On remarquera d’autre part que l’ensemble des discours du Christ qui suivent l’Entrée des Rameaux sont en relation avec les thèmes de la fête des Tabernacles. Nous avons dit que celle-ci était par excellence la fête messianique et eschatologique. Or le discours qui suit est précisément le discours eschatologique. La tradition liturgique l’a si fortement senti qu’elle le fait lire, non au temps du Carême, mais en novembre. Et nous dirons pourquoi c’est alors plutôt qu’en septembre. De plus, nous l’avons remarqué, Jésus cite à plusieurs reprises dans ces discours le psaume 118, celui de la Fête.

Mais comment se fait-il alors que les trois synoptiques situent l’Entrée des Rameaux juste avant, Pâques et non au temps de la fête des Tabernacles, six mois plus tôt ? Il est exact que, dans le texte, l’ensemble Entrée des Rameaux et discours eschatologiques vient immédiatement avant le commencement du récit de la Passion. Mais le bloc des récits de la Passion constitue une unité à part. Le fait qu’il soit placé dans le texte aussitôt après le récit des Rameaux n’implique pas que la Passion ait suivi chronologiquement celui-ci. Aussi bien, dans Marc, les récits, de la Passion commencent de façon abrupte, sans rien qui les relie à ce qui précède (14, 1).

Aurions-nous alors une raison de penser que l’épisode de l’Entrée des Rameaux se situe effectivement au temps de la fête des Tabernacles ? La démonstration de ceci a été tentée par Philip Carrington [33]. Elle est fondée sur la composition des Évangiles, et en particulier de l’Évangile de Marc, en relation avec l’année liturgique.
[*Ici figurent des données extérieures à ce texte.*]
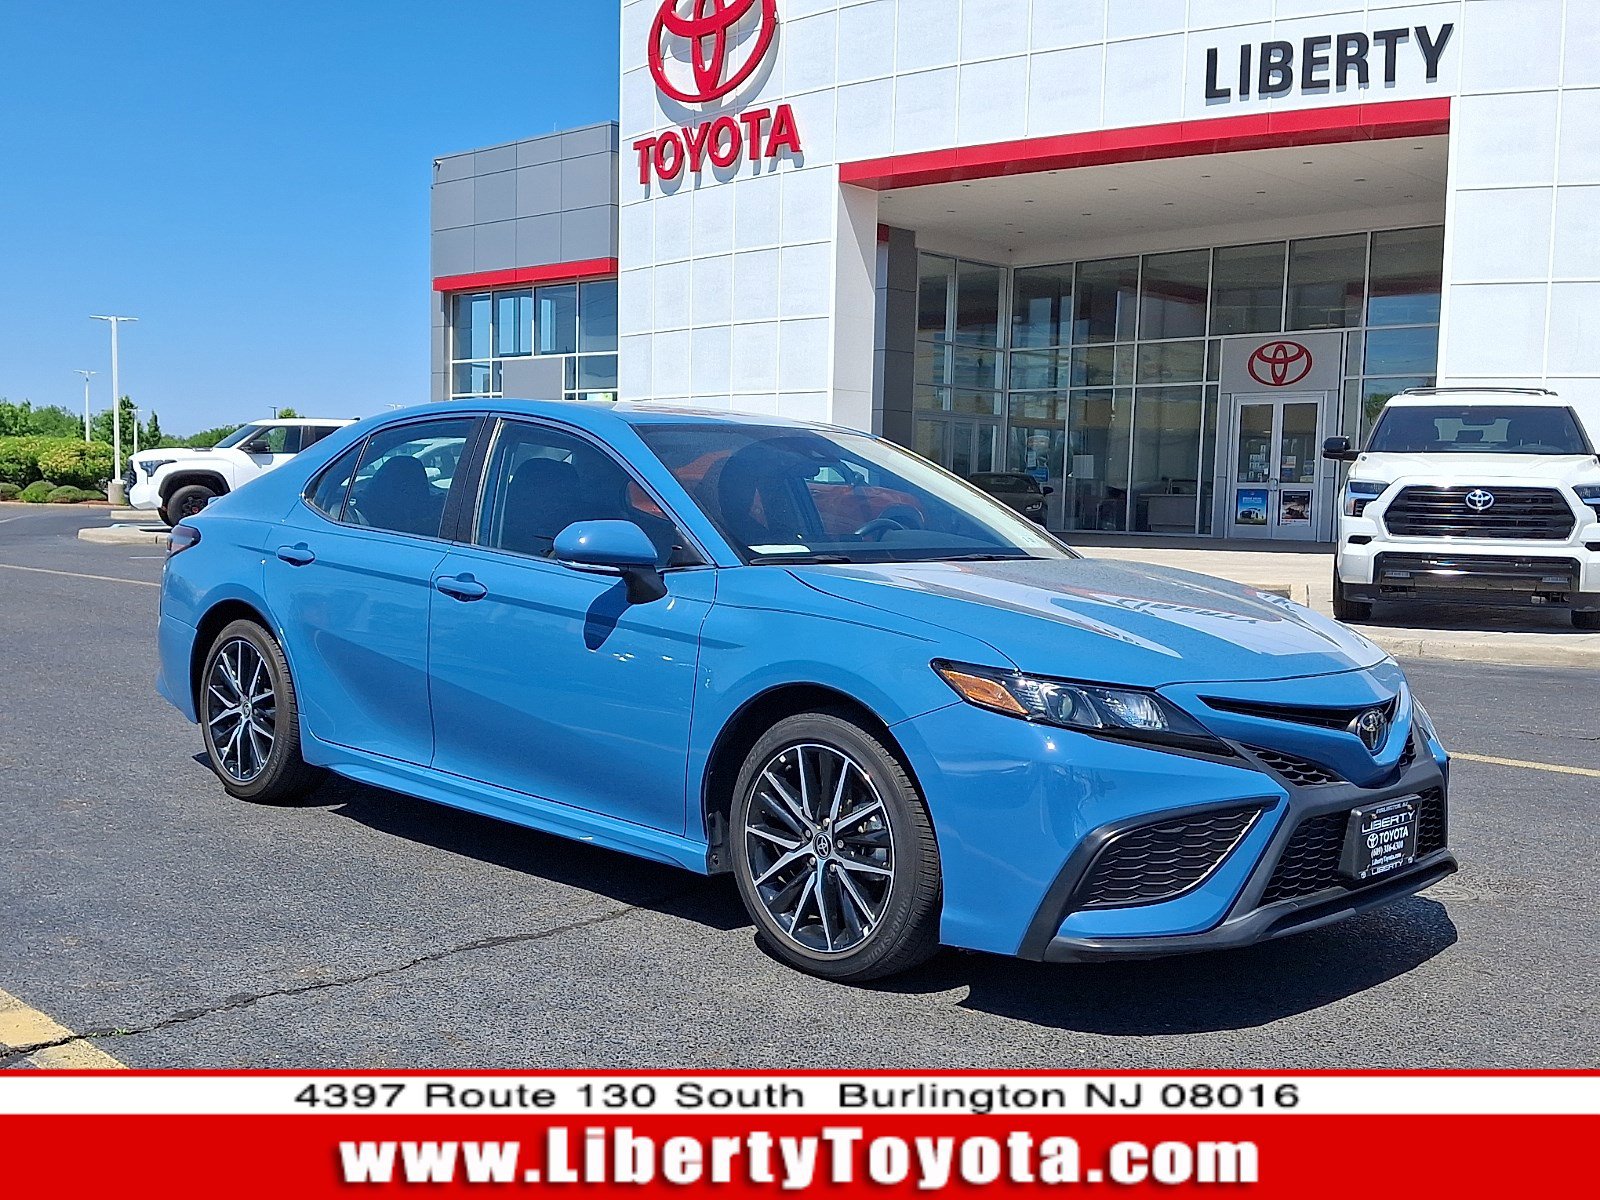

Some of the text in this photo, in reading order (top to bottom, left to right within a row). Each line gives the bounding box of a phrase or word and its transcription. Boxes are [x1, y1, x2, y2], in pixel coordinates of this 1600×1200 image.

[1205, 23, 1455, 99] LIBERTY
[633, 104, 803, 185] TOYOTA
[1361, 810, 1415, 833] LIBERTY
[1379, 826, 1409, 844] TOYOTA
[1371, 858, 1404, 875] LIBERTY
L’auteur a noté que certains manuscrits de Marc, portant des divisions qui correspondent à la lecture liturgique, le partagent en soixante-deux sections. Parmi ces sections, les quatorze dernières correspondent aux récits de la Passion qui constituent un groupe à part. Restent alors quarante-huit leçons, dont les cinq dernières contiennent l’Entrée des Rameaux et les discours qui suivent. Ces quarante-huit leçons, composées de quatre groupes de douze, constitueraient les lectures dominicales d’une année liturgique complète, les lectures pascales étant à part.
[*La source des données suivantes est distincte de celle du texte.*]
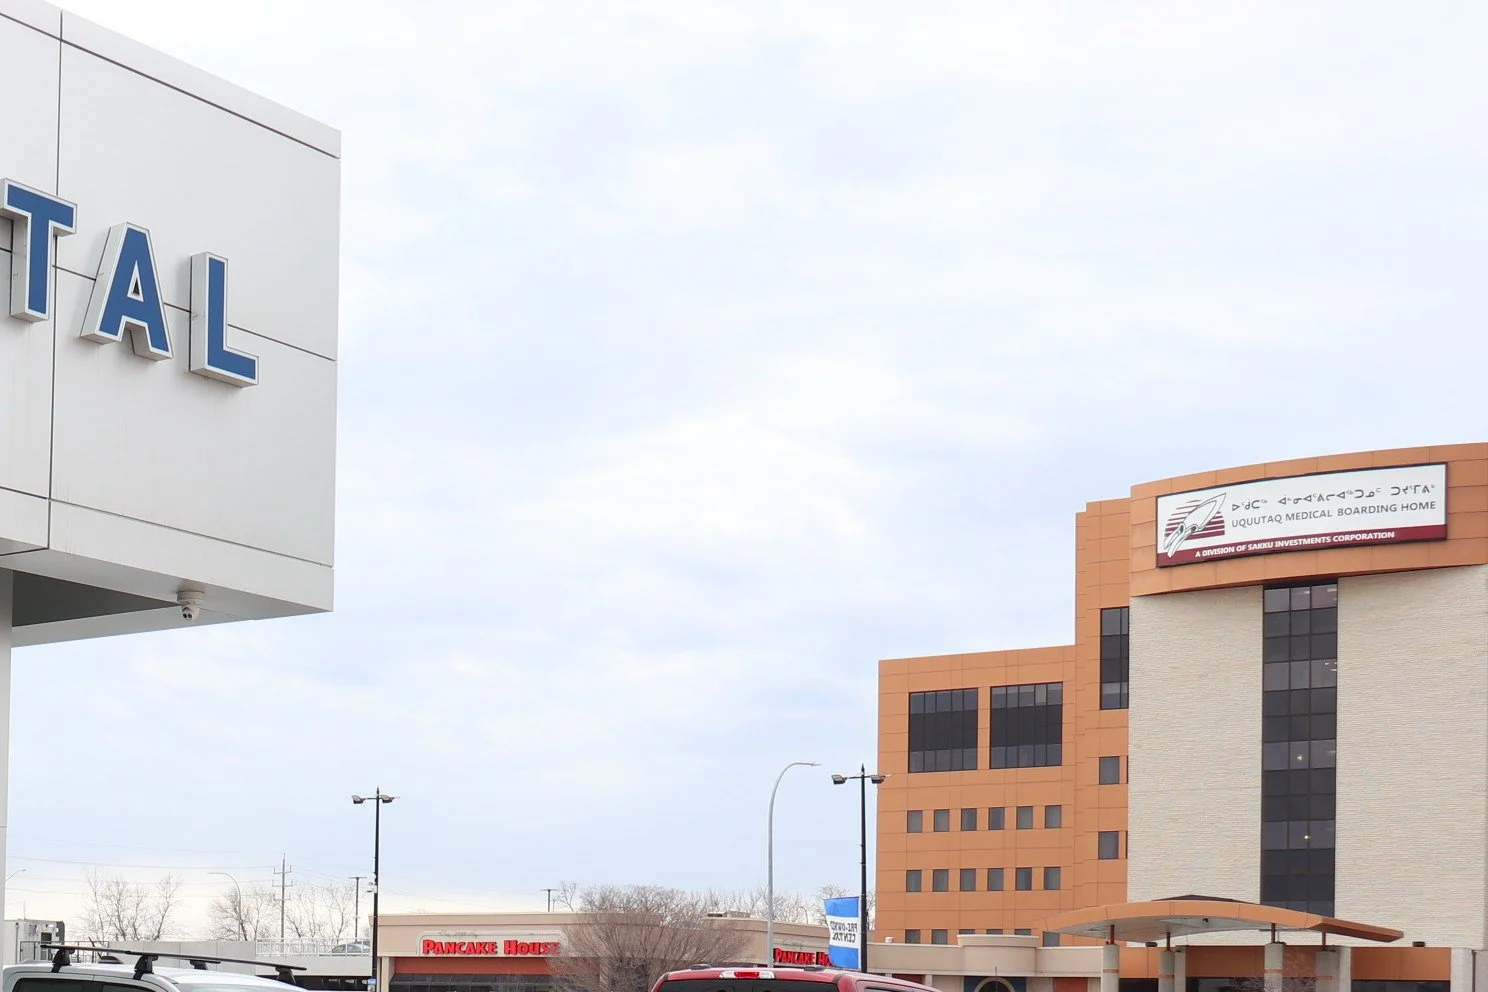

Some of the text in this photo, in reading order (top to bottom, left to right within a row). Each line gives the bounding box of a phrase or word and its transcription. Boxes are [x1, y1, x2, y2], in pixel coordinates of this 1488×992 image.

[1231, 501, 1436, 528] UQUUTAQ MEDICAL BOARDING HOME
[1202, 546, 1235, 556] DIVISION
[1236, 544, 1247, 552] OF
[1247, 541, 1274, 551] SAKKU
[1275, 536, 1331, 548] INVESTMENTS
[1332, 531, 1395, 543] CORPORATION
[422, 939, 560, 956] PANCAKE HOUSE
[773, 947, 816, 966] PANCAKE
La thèse de Carrington présente des parties de très inégale valeur. Ce qui concerne le caractère primitif des divisions du texte est tout à fait contestable et a été l’objet de critiques justifiées [34]. Par contre, on peut suivre l’auteur quand il voit dans les lectures pascales une section à part et considère le reste de l’Évangile comme constituant le cycle des lectures d’une année liturgique complète. Celle-ci commencerait avec le Baptême de Jésus et s’achèverait par l’Entrée des Rameaux. Elle serait conçue en fonction du calendrier sacerdotal ancien, dont s’inspire Marc, comme l’a montré Mlle Jaubert [35].
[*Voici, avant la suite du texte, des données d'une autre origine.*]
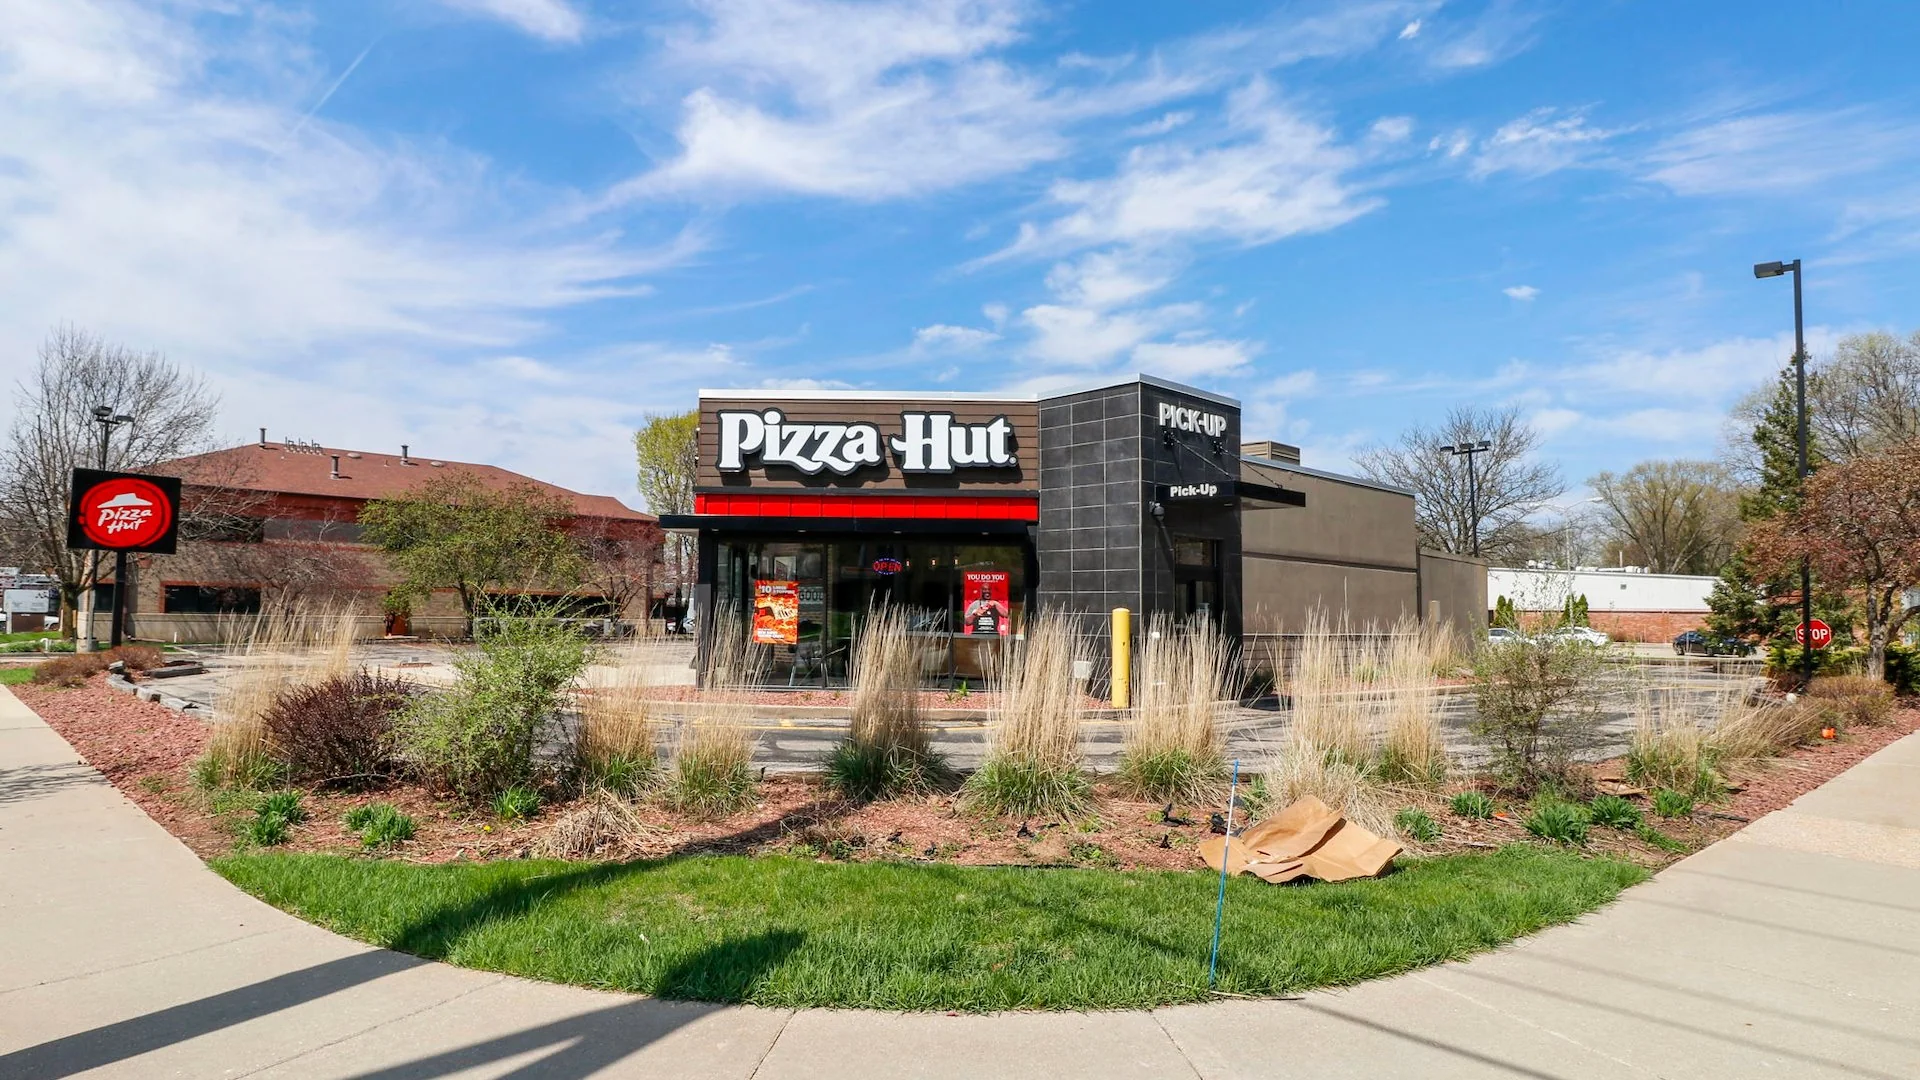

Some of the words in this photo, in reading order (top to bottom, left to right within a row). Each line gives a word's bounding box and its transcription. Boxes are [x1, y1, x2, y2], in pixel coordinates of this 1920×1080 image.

[1159, 402, 1227, 437] PICK-UP
[718, 409, 881, 473] Pizza
[890, 413, 1011, 470] Hut
[1170, 483, 1218, 497] Pick-Up
[98, 507, 152, 526] Pizza
[107, 518, 147, 534] Hut
[873, 561, 902, 572] OPEN
[1798, 628, 1828, 640] SOP
Si donc l’Évangile de Marc est conçu, des chapitres 1 à 14, en vue d’une lecture liturgique annuelle selon le calendrier juif ancien, ceci implique une conséquence décisive pour nous. En effet l’année juive commence alors au mois de Tisri, qui est septembre, et s’achève à ce même mois de Tisri. Par conséquent, les sections de l’Évangile de Marc vont de septembre à septembre. Le chapitre 1, c’est-à-dire la prédication de Jean et le baptême de Jésus, était lu à la fin de septembre [36]. Les chapitres 11 à 14, c’est-à-dire l’Entrée des Rameaux et les discours eschatologiques étaient lus durant les premières semaines de septembre, c’est-à-dire précisément à l’époque de la fête des Tabernacles [37].

Ainsi non seulement les synoptiques n’apportent pas d’objection à la thèse de T. W. Manson, mais ils tendent à la confirmer. Si l’Entrée des Rameaux était lue dans la communauté primitive à l’époque de la fête des Tabernacles, il est naturel de penser que l’épisode avait également eu lieu lors, de cette fête, c’est-à-dire six mois avant la Pâque et précisément lors de cette fête des Tabernacles durant laquelle l’évangile de Jean noua apprend que Jésus était monté à Jérusalem. T. W. Manson a d’ailleurs relevé que le récit de Jean présentait une analogie avec l’Entrée des Rameaux (loc. cit., p. 281).

Reste une difficulté, qui est que Jean nous décrit aussi l’Entrée des Rameaux — et cela juste avant la Passion. Mais ceci fait partie, comme le note aussi Manson (loc. cit., p. 282), d’un ensemble d’épisodes, où les relations de Jean et des synoptiques sont particulièrement complexes et où les arrangements littéraires sont les plus évidents. En effet les Synoptiques groupent ensemble l’Entrée des Rameaux, le figuier desséché, les vendeurs chassés du Temple (Marc, 11, 1-18) et situent cet ensemble, nous l’avons dit, lors de la fête des Tabernacles, qui précède la dernière Pâque. Or Jean relève pour cette fête des Tabernacles d’une tradition propre, qui remplit les chapitres 6 à 8.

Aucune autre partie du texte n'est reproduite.